PROBLEM: Nothing but an exact reprint of the records is to be returned.

DATA EXCERPTS:

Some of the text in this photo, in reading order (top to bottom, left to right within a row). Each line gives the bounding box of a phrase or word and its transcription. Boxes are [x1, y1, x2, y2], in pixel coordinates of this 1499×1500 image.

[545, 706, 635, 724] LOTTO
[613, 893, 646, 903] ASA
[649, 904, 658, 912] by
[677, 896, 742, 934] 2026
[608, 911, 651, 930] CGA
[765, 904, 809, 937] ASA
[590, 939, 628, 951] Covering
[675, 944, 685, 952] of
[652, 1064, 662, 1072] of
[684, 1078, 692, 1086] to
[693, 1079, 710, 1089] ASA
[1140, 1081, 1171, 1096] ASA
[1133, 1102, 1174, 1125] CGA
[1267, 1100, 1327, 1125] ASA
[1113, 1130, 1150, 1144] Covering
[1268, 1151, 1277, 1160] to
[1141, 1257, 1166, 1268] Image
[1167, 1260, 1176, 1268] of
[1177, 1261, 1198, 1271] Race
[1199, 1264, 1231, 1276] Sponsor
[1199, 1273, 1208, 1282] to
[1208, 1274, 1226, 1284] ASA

TASK RESULT:
Some of the text in this photo, in reading order (top to bottom, left to right within a row). Each line gives the bounding box of a phrase or word and its transcription. Boxes are [x1, y1, x2, y2], in pixel coordinates of this 1499×1500 image.

[545, 706, 635, 724] LOTTO
[613, 893, 646, 903] ASA
[649, 904, 658, 912] by
[677, 896, 742, 934] 2026
[608, 911, 651, 930] CGA
[765, 904, 809, 937] ASA
[590, 939, 628, 951] Covering
[675, 944, 685, 952] of
[652, 1064, 662, 1072] of
[684, 1078, 692, 1086] to
[693, 1079, 710, 1089] ASA
[1140, 1081, 1171, 1096] ASA
[1133, 1102, 1174, 1125] CGA
[1267, 1100, 1327, 1125] ASA
[1113, 1130, 1150, 1144] Covering
[1268, 1151, 1277, 1160] to
[1141, 1257, 1166, 1268] Image
[1167, 1260, 1176, 1268] of
[1177, 1261, 1198, 1271] Race
[1199, 1264, 1231, 1276] Sponsor
[1199, 1273, 1208, 1282] to
[1208, 1274, 1226, 1284] ASA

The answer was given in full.